● **BRIEF**
Verbatim copy, images removed: write out the entries below.

___ SOURCE RECORDS ___

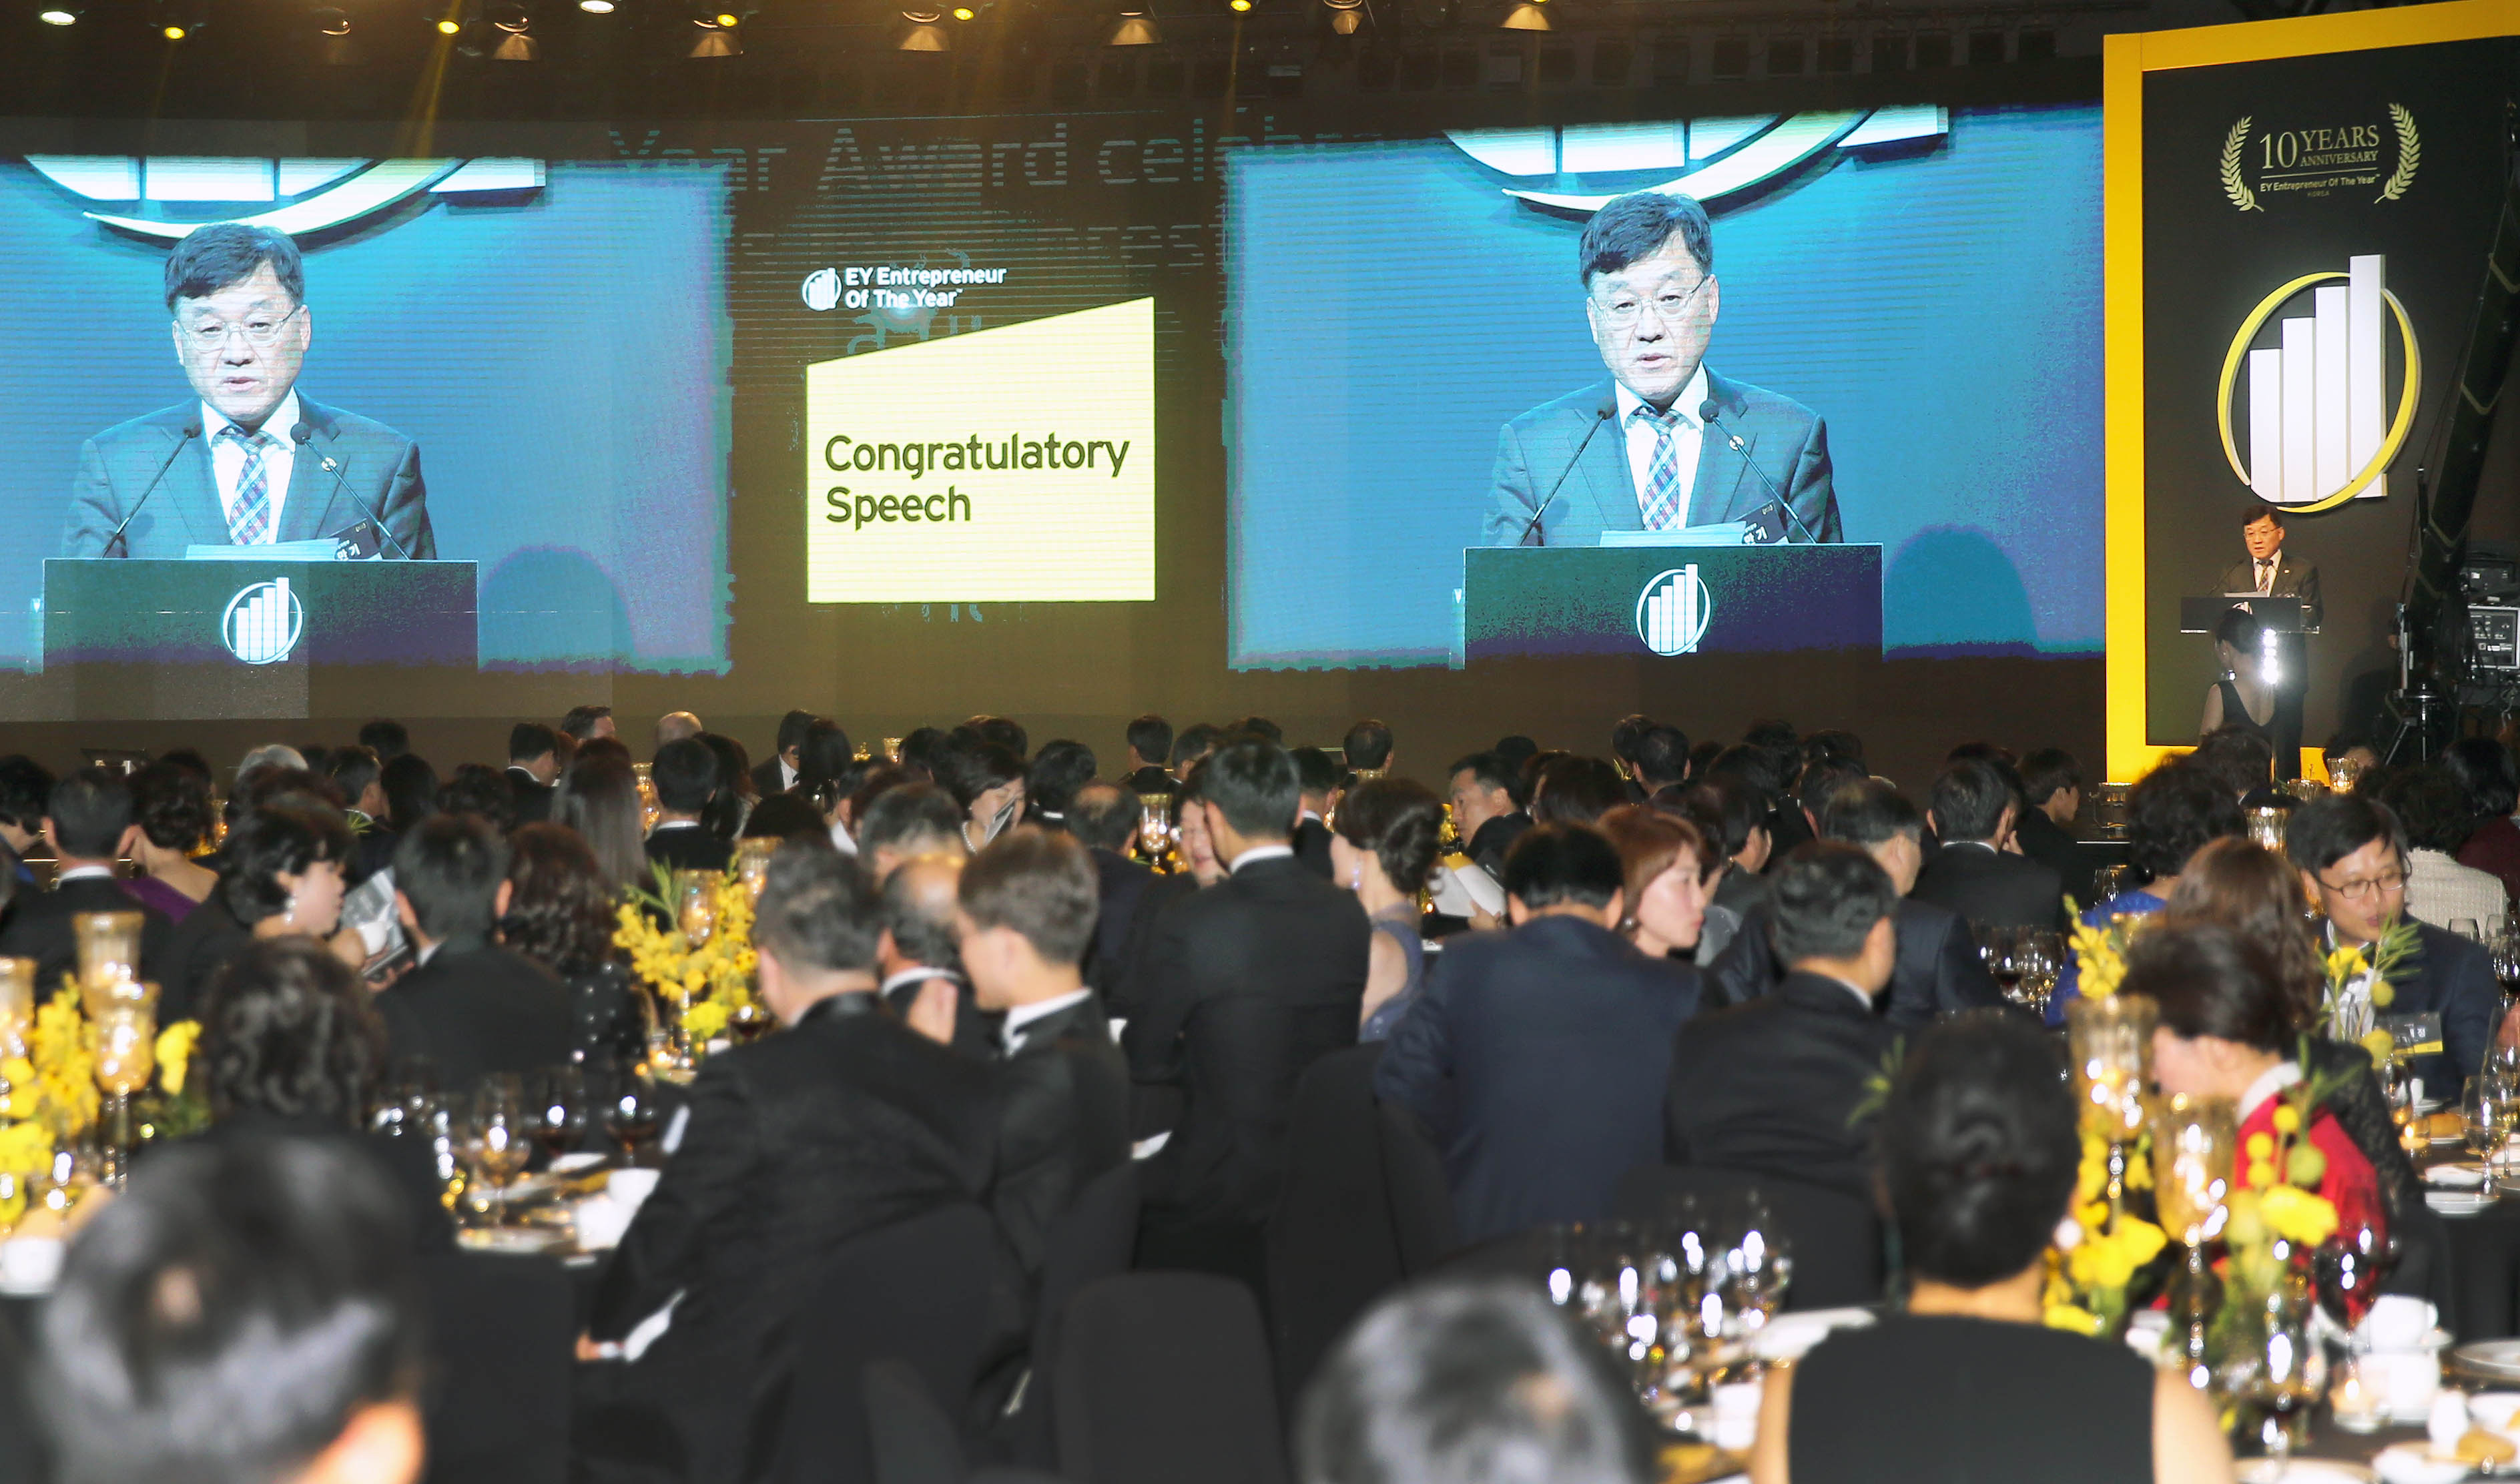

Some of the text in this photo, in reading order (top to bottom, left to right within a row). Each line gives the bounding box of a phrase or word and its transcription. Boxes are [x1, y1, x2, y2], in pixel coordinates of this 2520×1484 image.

[2259, 125, 2380, 169] 10 YEARS
[2300, 150, 2379, 167] ANNIVERSARY
[2260, 181, 2274, 192] EY
[2273, 178, 2327, 192] Entrepreneur
[2328, 179, 2338, 188] Of
[2340, 177, 2356, 186] The
[844, 266, 1007, 288] EY Entrepreneur
[844, 289, 870, 309] Of
[872, 288, 909, 308] The
[825, 432, 1131, 480] Congratulatory
[826, 484, 972, 531] Speech

___

● **YOUR SOLUTION**
Some of the text in this photo, in reading order (top to bottom, left to right within a row). Each line gives the bounding box of a phrase or word and its transcription. Boxes are [x1, y1, x2, y2], in pixel coordinates of this 2520×1484 image.

[2259, 125, 2380, 169] 10 YEARS
[2300, 150, 2379, 167] ANNIVERSARY
[2260, 181, 2274, 192] EY
[2273, 178, 2327, 192] Entrepreneur
[2328, 179, 2338, 188] Of
[2340, 177, 2356, 186] The
[844, 266, 1007, 288] EY Entrepreneur
[844, 289, 870, 309] Of
[872, 288, 909, 308] The
[825, 432, 1131, 480] Congratulatory
[826, 484, 972, 531] Speech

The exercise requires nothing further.